Lander cited the Taxi & Limousine Commission, the city agency that reined in ride share companies (albeit after-the-fact), when asked about this part of his proposal.
“The Taxi & Limousine Commission licenses Uber and Lyft and requires them to provide regular data that is part how many vehicles are out there, because there's a set of traffic questions, what is the pay and also whether the vehicles that are being used as part of that business are operating safely,” Lander told Streetsblog.
That said, the TLC has been under fire recently after a Bloomberg investigation revealed app companies are restricting access, and worker-focused advocacy groups say they do not want to see this model adapted for delivery-app companies.
Ligia Guallpa, the executive director of the deliverista-rights group Worker's Justice Project, said she "doesn't support a TLC model," because that agency regulates workers instead of industry. That's why she favors Lander's approach, which would not require delivery workers to register their e-bikes like cars but use the tech company's algorithms to incentivize safety.

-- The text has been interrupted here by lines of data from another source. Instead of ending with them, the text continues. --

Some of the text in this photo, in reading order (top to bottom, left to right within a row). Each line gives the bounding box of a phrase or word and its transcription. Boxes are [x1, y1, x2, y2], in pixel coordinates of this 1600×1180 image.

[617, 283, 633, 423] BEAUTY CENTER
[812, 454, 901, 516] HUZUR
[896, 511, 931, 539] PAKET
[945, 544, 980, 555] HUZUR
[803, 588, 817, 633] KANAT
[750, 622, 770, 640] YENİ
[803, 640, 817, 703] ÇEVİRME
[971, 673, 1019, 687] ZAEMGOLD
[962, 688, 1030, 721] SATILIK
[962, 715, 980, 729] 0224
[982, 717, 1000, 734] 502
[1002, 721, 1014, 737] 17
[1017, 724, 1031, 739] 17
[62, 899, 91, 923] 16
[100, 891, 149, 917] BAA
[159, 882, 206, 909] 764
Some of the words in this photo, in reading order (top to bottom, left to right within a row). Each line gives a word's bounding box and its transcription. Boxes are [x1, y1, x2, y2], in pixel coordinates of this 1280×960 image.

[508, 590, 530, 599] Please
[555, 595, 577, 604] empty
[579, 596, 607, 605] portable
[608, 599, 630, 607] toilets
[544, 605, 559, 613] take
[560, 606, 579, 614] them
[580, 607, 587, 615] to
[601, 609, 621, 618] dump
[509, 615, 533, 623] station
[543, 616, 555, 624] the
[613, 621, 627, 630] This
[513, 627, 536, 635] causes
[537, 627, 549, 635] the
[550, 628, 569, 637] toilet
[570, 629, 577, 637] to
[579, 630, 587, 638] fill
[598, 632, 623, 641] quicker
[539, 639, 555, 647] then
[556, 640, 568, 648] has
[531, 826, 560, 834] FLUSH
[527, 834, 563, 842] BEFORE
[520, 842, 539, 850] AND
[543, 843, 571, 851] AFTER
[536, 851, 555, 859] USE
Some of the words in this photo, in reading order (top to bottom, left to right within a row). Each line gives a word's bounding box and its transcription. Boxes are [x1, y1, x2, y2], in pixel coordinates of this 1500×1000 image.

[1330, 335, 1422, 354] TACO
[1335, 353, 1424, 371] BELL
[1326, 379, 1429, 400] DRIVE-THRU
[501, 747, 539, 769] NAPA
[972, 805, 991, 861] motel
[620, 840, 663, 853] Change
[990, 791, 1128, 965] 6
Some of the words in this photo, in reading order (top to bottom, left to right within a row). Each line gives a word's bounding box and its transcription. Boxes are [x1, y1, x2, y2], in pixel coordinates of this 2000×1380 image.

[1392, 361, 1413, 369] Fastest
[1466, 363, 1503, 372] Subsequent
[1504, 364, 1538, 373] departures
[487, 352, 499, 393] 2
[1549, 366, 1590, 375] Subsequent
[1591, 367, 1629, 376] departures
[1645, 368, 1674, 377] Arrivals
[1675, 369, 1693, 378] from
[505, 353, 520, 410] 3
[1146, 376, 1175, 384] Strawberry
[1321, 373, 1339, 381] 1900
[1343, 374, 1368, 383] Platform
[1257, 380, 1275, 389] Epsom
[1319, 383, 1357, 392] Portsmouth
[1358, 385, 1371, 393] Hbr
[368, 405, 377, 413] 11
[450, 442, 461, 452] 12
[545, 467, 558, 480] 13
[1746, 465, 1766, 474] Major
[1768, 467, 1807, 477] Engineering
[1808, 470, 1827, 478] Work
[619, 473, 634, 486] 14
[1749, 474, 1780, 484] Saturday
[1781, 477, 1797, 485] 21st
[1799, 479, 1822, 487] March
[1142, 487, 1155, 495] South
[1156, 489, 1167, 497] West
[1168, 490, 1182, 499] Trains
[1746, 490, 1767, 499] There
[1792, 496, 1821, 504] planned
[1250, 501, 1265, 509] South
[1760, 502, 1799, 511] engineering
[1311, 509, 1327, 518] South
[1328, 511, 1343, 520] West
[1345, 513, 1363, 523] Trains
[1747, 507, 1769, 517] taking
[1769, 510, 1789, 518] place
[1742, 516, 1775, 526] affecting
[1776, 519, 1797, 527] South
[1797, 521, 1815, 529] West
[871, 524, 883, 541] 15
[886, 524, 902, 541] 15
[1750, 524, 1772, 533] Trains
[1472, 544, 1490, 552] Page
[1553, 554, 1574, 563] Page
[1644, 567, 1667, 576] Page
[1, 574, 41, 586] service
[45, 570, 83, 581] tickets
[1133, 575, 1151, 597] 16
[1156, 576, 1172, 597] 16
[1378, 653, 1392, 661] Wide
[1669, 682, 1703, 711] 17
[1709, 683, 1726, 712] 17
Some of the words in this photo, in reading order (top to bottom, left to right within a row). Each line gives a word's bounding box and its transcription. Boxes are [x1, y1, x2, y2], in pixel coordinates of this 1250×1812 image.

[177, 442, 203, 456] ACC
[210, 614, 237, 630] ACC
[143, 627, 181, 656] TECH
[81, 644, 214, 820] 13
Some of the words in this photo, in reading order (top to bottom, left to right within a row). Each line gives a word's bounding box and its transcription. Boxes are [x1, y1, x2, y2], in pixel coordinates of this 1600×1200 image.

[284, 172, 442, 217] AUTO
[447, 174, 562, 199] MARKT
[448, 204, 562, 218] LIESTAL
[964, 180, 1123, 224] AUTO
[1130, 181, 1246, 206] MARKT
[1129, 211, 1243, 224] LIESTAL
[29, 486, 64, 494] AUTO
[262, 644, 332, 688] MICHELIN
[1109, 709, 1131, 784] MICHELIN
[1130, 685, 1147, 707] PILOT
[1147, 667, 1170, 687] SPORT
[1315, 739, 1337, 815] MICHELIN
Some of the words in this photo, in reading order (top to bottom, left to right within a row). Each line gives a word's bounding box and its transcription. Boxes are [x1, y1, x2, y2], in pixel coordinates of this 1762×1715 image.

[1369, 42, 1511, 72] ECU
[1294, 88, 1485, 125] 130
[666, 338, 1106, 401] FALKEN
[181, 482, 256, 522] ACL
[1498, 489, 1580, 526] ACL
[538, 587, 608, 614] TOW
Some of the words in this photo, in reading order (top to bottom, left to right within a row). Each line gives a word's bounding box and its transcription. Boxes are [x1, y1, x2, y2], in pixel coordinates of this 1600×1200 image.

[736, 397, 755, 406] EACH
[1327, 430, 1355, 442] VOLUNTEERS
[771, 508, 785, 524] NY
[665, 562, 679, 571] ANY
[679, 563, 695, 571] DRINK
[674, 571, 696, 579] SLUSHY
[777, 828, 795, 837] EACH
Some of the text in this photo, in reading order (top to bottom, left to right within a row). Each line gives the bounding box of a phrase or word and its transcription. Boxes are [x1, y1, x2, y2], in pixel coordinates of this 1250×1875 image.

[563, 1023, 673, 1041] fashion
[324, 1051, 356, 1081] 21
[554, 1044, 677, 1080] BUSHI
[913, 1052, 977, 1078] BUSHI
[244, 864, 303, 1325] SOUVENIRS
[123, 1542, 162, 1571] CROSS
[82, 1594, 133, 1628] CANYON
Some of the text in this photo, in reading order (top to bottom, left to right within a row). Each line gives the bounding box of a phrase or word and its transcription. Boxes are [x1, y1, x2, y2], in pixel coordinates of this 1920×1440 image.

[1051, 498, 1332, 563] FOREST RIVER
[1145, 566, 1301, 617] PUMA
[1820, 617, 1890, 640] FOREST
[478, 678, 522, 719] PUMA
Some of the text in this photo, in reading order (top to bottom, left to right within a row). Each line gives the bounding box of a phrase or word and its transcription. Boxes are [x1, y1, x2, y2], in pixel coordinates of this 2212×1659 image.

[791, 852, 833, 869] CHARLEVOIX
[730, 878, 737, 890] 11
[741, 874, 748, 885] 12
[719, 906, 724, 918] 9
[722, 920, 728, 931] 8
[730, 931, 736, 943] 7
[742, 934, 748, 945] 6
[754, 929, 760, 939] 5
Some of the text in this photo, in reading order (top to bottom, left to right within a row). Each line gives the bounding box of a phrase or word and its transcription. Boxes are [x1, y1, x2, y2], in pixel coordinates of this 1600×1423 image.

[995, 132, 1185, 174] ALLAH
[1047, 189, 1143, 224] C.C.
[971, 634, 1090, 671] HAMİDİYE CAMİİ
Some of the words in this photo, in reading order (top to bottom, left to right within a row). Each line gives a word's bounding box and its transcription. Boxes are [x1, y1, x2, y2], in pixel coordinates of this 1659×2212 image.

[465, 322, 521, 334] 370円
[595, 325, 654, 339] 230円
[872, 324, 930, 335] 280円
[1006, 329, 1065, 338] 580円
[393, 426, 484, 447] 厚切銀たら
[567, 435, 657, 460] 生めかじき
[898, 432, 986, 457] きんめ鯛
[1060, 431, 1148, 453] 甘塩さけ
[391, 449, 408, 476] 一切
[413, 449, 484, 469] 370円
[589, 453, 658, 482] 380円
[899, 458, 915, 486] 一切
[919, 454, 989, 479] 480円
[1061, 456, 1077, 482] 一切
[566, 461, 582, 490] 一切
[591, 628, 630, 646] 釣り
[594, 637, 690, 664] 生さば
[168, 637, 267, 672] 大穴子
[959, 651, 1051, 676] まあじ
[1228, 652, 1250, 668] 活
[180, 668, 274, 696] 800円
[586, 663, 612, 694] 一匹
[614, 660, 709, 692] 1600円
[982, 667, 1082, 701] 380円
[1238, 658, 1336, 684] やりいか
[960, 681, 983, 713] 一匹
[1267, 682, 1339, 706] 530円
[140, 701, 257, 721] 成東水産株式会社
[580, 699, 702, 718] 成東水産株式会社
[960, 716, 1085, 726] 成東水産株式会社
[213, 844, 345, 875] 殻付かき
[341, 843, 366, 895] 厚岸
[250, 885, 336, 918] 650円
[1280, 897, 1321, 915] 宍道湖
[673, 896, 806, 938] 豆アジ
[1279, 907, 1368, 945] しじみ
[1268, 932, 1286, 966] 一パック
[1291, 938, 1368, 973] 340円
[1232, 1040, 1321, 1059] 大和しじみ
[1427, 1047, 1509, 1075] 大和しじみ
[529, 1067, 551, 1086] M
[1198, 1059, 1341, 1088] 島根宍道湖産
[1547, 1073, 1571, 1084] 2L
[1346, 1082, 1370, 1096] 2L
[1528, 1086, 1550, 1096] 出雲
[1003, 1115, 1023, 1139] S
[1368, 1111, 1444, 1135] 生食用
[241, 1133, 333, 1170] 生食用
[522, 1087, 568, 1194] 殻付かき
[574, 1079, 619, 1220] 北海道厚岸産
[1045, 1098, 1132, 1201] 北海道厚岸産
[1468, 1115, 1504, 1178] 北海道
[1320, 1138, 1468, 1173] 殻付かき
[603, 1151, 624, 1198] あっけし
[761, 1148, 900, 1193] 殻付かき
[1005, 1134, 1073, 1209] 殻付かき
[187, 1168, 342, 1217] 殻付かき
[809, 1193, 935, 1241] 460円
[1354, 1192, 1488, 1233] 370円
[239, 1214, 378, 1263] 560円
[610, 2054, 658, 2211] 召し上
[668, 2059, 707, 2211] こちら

By requiring companies like DoorDash and GrubHub to limit the pace of work and the amount of deliveries a worker can make in certain timeframes, the regs would, in theory, force these giant corporations concerned with their bottom line to stop prioritizing profit, Lander believes.
“This is why the licensing program is needed in the first place,” Lander told Streetsblog when asked how the city will get the apps to ignore profit motivations.
“Yes, of course, they want to get the food there while it's still hot, but if they have a legal obligation to make sure it's on a safe vehicle, the vehicle is being operated safely and that the city will see that trip when the reporting is done. Now you can manage the fleet as a whole and make sure that you're operating it in a way that that's what you've got to do to keep your license.”
'Sense' of danger
Lander said he hears concerns from city residents constantly about the fear they have of mopeds and e-bikes.
“If you talk to people, you know it really is a dramatically felt sense that a very broad set of New Yorkers have that the proliferation of moped and e- bike use has grown in a way that our regulation and culture has not kept up with,” said Lander. “We've got to do something to restore a sense of safety on our streets.”
The keyword, sense of safety.
Lander is toeing a delicate line over which many politicians have tripped. The self-styled safety group E-Vehicle Safety Alliance — which was notably absent from the event on Tuesday — focus their advocacy the supposed danger of electric bikes and mopeds at the exclusion of the most dangerous vehicles on the road: cars.
As a result, Council members consistently misstate the dangers of mopeds and e-bikes, and propose solutions based on that misperception. At a recent EVSA meeting, for example, Council Member Bob Holden said e-bikes and mopeds have ushered in “the most unsafe period in the history of New York," which is simply not accurate — unless, of course, he is referring to the safety of delivery workers.
In 2023, 62 micro mobility riders were killed in crashes; in contrast, there were two deaths caused by the drivers of micro mobility vehicles, according to the report.
Lander emphasized that people who are upset about mopeds and e-bikes, such as the EVSA, need to advocate for broad-based safe systems rather than merely regulating one device.
“I want a city that has more places where we invest in the infrastructure, more places where we create plazas and protected bike lanes and things like the 34th Avenue open street [in Jackson Heights]," he said.
UberEats, Doordash, and Grubhub declined to comment on the report's proposals.